DATA TO USE:
*** Block opens ***

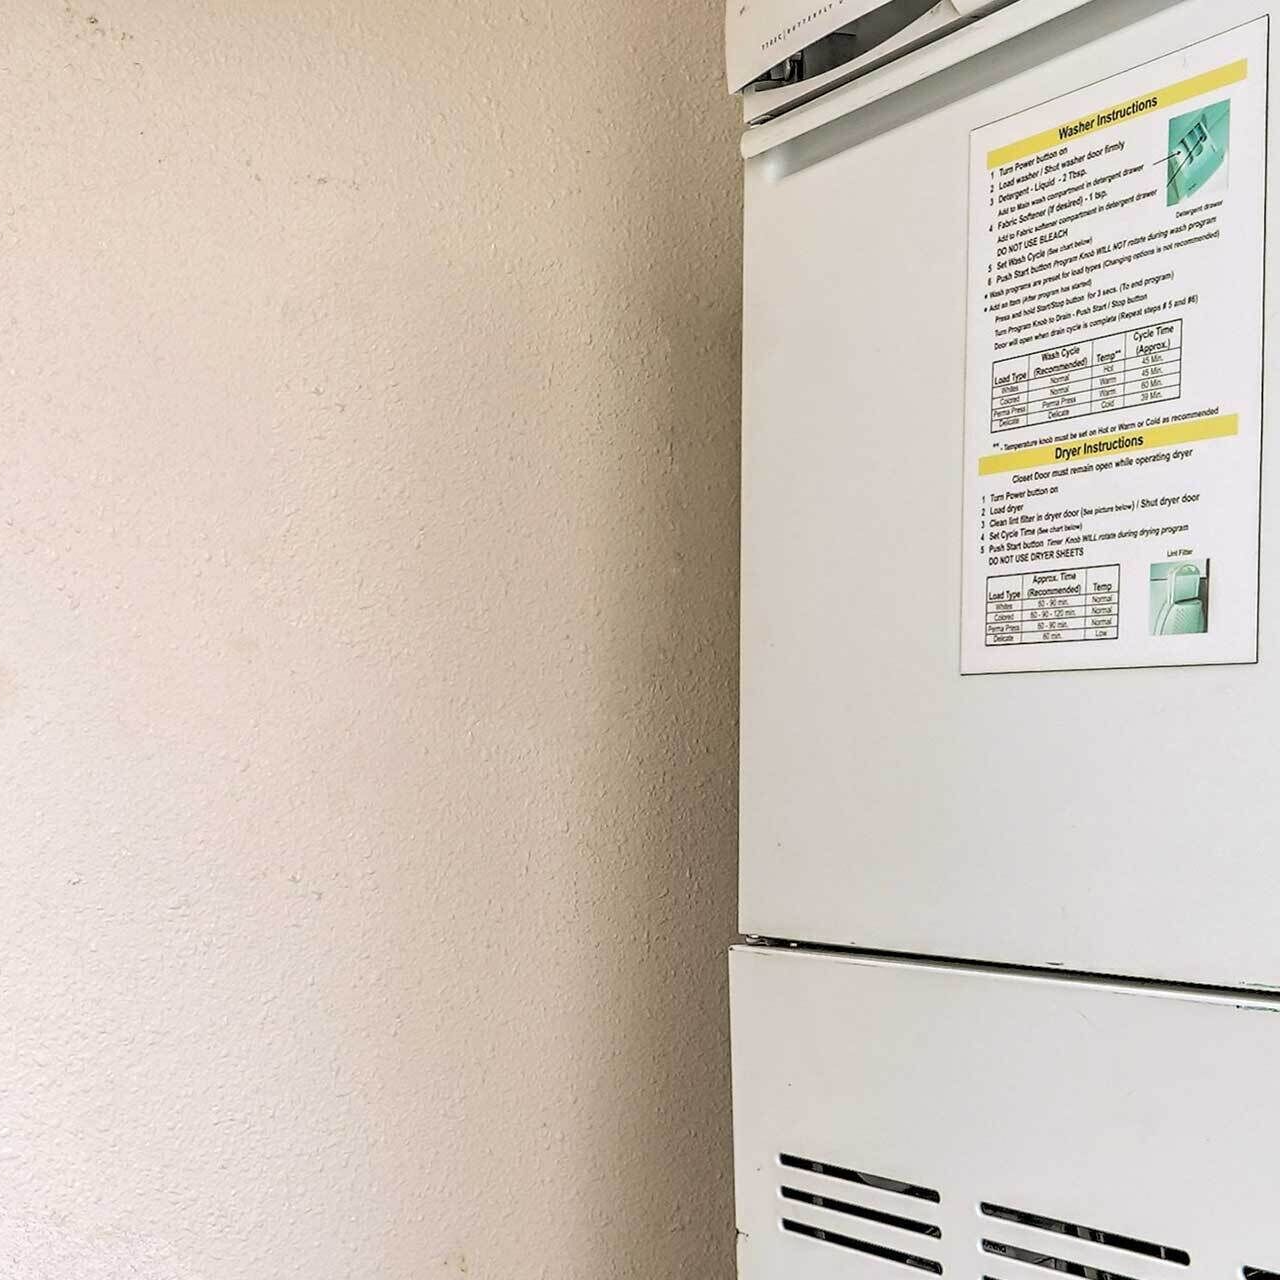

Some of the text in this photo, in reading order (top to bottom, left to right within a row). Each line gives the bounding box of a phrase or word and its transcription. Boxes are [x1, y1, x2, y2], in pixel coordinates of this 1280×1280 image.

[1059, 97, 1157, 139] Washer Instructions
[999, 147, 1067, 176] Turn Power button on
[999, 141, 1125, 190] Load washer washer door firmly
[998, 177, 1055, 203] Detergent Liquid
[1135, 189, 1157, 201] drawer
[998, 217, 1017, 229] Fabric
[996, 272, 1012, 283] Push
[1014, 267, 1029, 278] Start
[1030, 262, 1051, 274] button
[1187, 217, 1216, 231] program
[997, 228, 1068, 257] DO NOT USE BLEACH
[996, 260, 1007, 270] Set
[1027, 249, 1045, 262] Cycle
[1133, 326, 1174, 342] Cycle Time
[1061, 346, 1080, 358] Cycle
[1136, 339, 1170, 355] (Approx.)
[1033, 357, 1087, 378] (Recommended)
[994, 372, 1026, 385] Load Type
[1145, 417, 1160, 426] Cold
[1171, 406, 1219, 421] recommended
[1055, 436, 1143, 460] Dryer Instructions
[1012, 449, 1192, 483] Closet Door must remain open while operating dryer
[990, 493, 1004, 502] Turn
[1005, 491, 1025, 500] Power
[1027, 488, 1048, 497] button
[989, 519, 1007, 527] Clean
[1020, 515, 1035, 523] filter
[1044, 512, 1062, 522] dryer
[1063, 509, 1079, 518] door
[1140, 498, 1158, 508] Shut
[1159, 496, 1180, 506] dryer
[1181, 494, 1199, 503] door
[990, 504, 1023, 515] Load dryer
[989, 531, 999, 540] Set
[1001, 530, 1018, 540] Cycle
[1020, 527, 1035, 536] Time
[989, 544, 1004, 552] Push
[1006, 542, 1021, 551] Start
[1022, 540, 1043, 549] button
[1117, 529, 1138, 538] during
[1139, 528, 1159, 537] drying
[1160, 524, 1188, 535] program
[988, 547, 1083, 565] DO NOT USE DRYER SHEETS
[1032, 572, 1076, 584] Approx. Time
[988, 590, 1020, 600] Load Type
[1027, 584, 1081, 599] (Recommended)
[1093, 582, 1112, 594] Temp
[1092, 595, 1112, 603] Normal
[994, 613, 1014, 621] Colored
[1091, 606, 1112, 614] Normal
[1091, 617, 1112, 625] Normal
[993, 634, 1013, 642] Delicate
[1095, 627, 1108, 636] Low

*** Block closes ***

THE TASK: Report back every line of the entries in which "Turn" occurs.

EXERCISE RESPONSE:
[999, 147, 1067, 176] Turn Power button on
[990, 493, 1004, 502] Turn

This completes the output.